President Trump – While the question before the Board pertains to prohibiting Trump from future posting, his final posts serve as background for our analysis. Based on the foregoing factors, Facebook’s decision to remove those posts and prohibit former President Trump from future posting was well justified. His posts about the election were demonstrably false and, in the real-world context of heightened political tension, especially inflammatory and harmful. Not only was violence imminent, but it was ongoing at the time the content was posted and, in context, could reasonably be read as an incitement to further violence. Particularly in the context of violent acts intended to disrupt the lawful transition of government authority, Trump’s content was an incitement to lawless action. Finally, Facebook had every reason to determine that alternative sanctions short of prohibiting future posts would not mitigate present or future harm.

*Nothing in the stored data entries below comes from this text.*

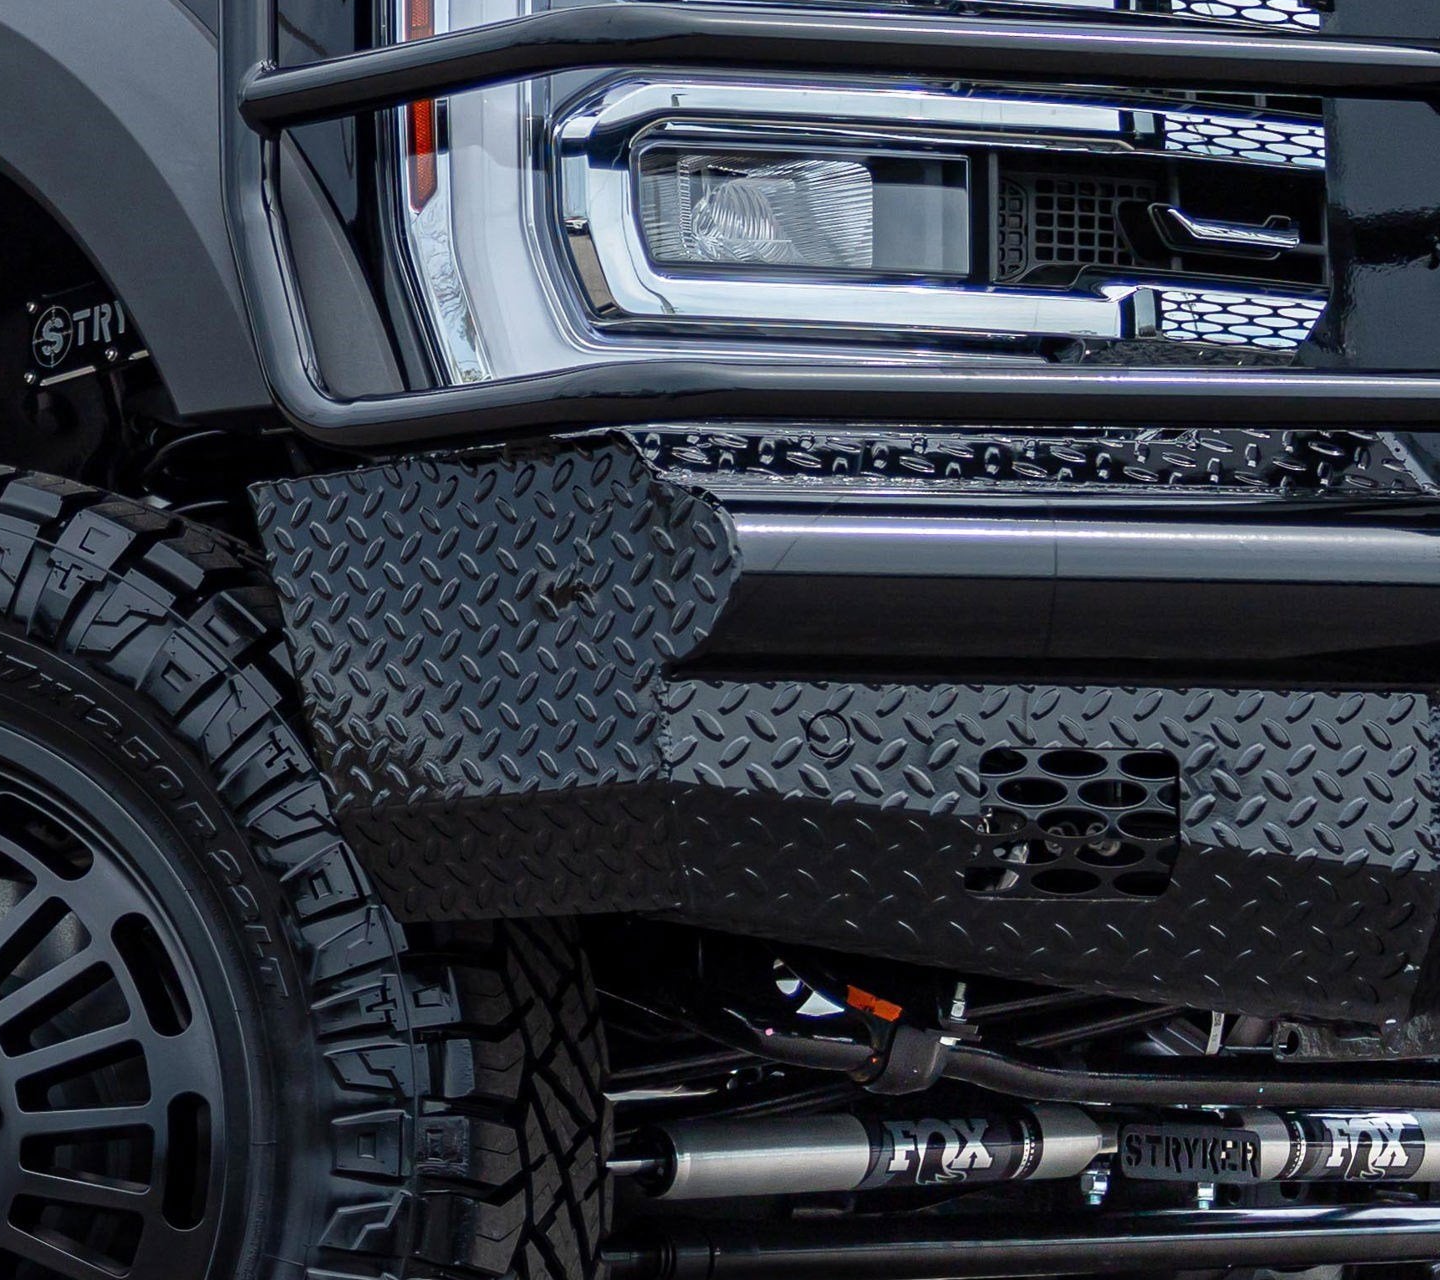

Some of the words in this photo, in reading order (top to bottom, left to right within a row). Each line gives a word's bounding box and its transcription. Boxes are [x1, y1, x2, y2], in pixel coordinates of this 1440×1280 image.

[884, 1119, 994, 1184] FOX
[1125, 1132, 1258, 1178] STRYKER
[1324, 1114, 1417, 1181] FOX
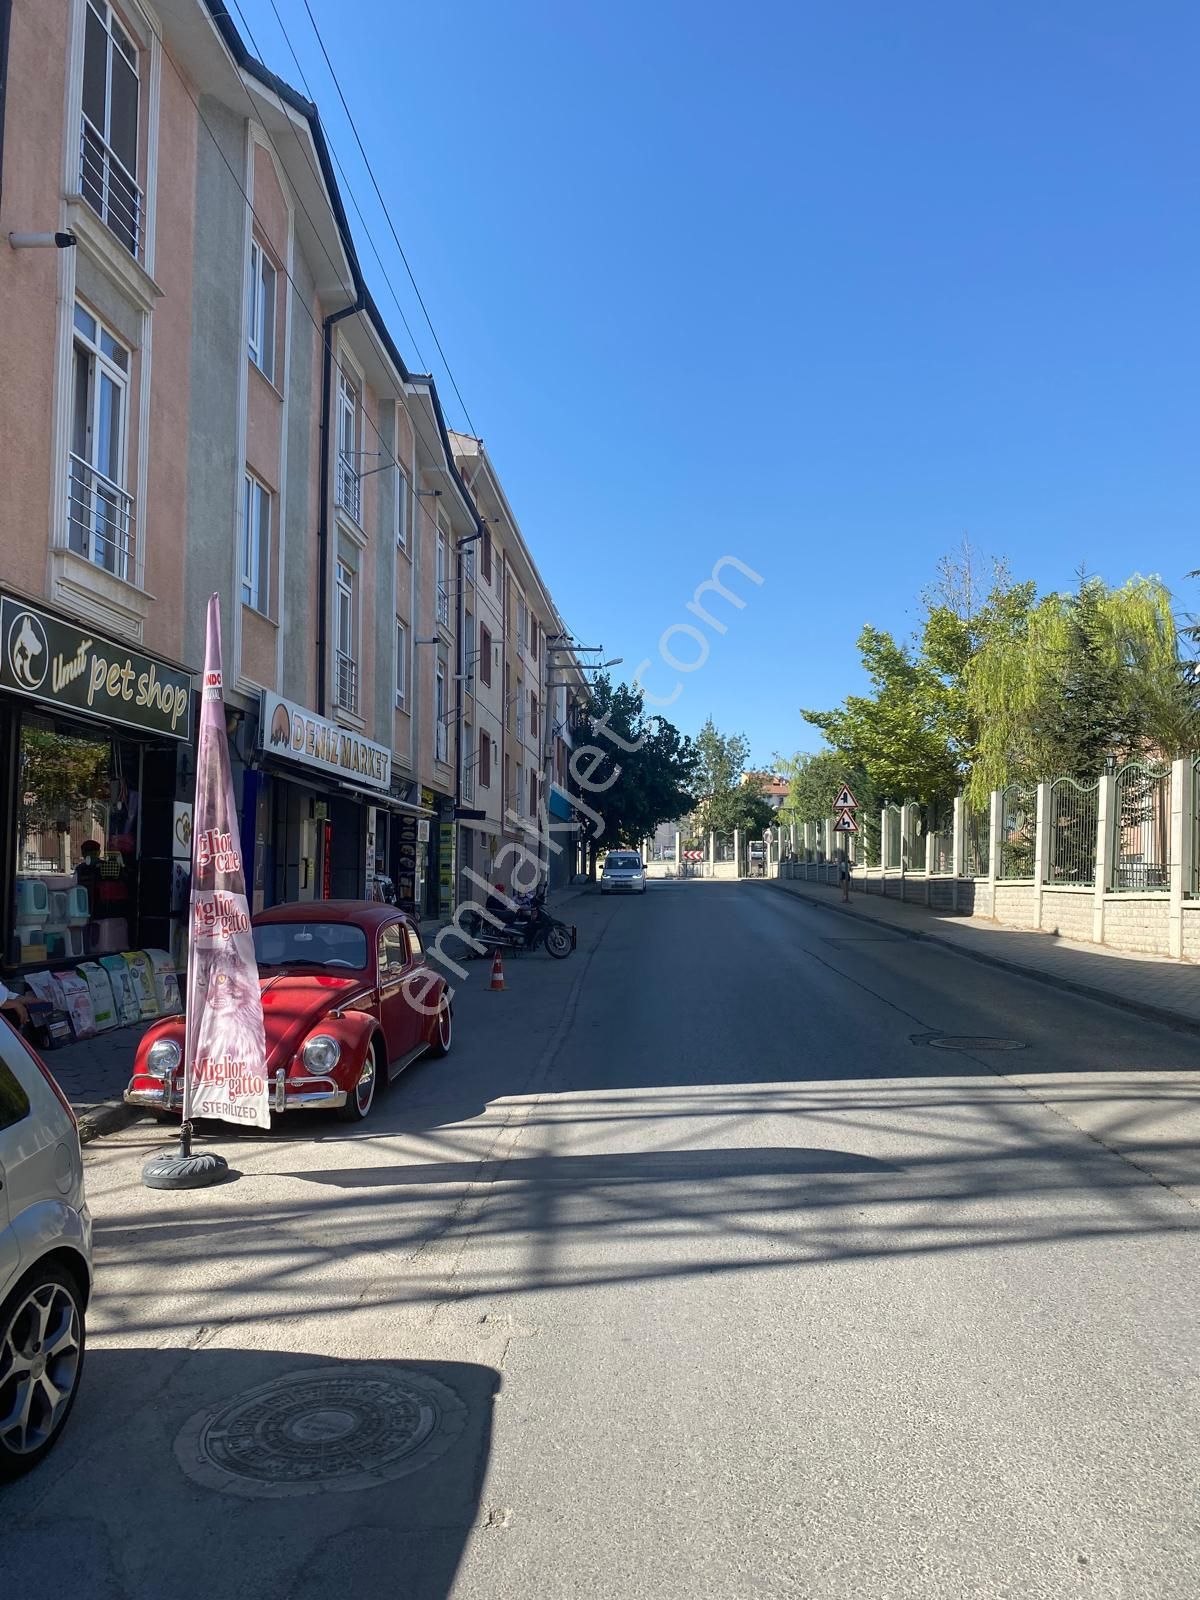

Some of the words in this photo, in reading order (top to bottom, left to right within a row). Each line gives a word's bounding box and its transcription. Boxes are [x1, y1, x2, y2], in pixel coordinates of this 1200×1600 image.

[88, 654, 135, 706] pet
[136, 664, 187, 730] shop
[341, 735, 389, 782] MARKET
[221, 908, 248, 939] gatto
[192, 1055, 246, 1087] Miglior
[228, 1072, 264, 1103] gatto
[202, 1100, 257, 1119] STERILIZED

R Street believes that it is reasonable to justify indefinite suspension by determining that Trump has a continuing political and public role and will continue to post content worth removing under these same factors. It seems clear to us that he has expressed no contrition and that the deterrence of other like-minded actors would be a positive benefit. However, this is ultimately a predictive judgment; restoring his posting privileges is defensible under different predictions. Even then, we would encourage any future restoration to include strict warnings regarding further harmful activity, with permanent suspension as the final escalatory step.